Adult height is simulated by first drawing sex and then drawing height from the corresponding sex-specific normal distribution.

Code
def sample_adult_heights(rng, n):
    male = rng.binomial(1, 0.48, size=n).astype(bool)
    height = np.empty(n)
    height[male] = rng.normal(69.1, 2.9, size=male.sum())
    height[~male] = rng.normal(64.5, 2.7, size=(~male).sum())
    return height

sample_adult_heights(rng, 1)[0]
np.float64(66.14244539104533)
Code
N = 10
heights = sample_adult_heights(rng, N)
heights.mean()
np.float64(65.53642411360696)
Code
avg_height = np.array([sample_adult_heights(rng, N).mean() for _ in range(n_sims)])
max_height = np.array([sample_adult_heights(rng, N).max() for _ in range(n_sims)])
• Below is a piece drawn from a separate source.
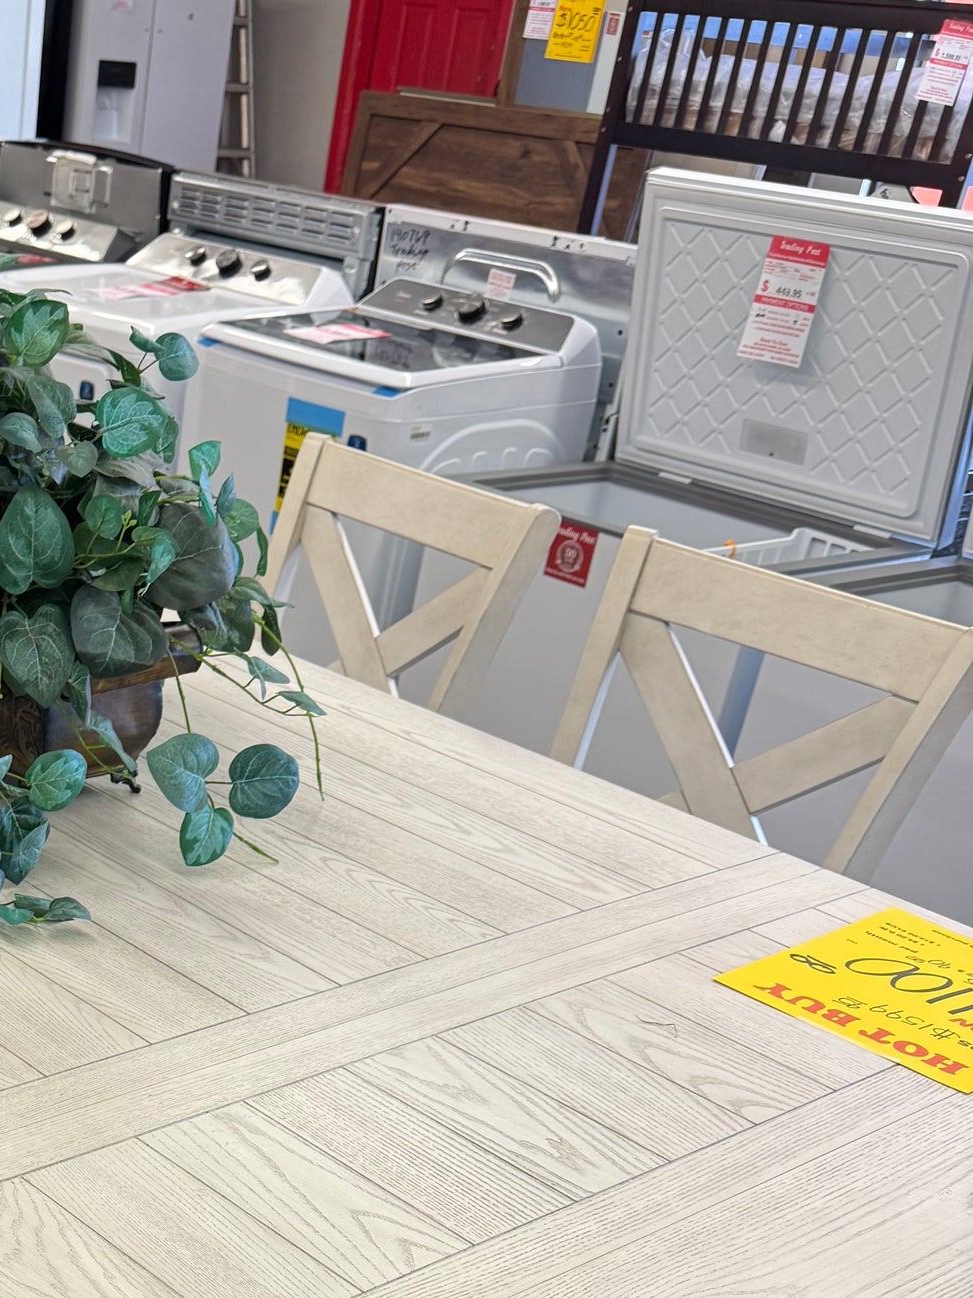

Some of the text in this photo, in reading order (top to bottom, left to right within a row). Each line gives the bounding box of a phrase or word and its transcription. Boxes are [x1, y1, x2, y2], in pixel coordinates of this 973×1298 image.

pd.DataFrame({"average height": avg_height, "maximum height": max_height}).describe(percentiles=[0.05, 0.5, 0.95])
average height maximum height
count 1000.000000 1000.000000
mean 66.681949 72.361921
std 1.134083 1.927259
min 62.650524 66.618626
5% 64.860539 69.454894
50% 66.659145 72.314885
95% 68.576982 75.670772
max 70.156175 80.132245
Code
fig, axs = plt.subplots(1, 2, figsize=(9, 3.5))
axs[0].hist(avg_height, bins=30, edgecolor="white")
axs[0].set_title("Average height of 10 adults")
axs[1].hist(max_height, bins=30, edgecolor="white")
axs[1].set_title("Maximum height among 10 adults")
for ax in axs:
    ax.set_xlabel("height (inches)")
    ax.set_ylabel("simulation count")
fig.tight_layout()

The maximum has a much more right-shifted distribution than the average, even though both are generated from the same underlying adult-height mixture.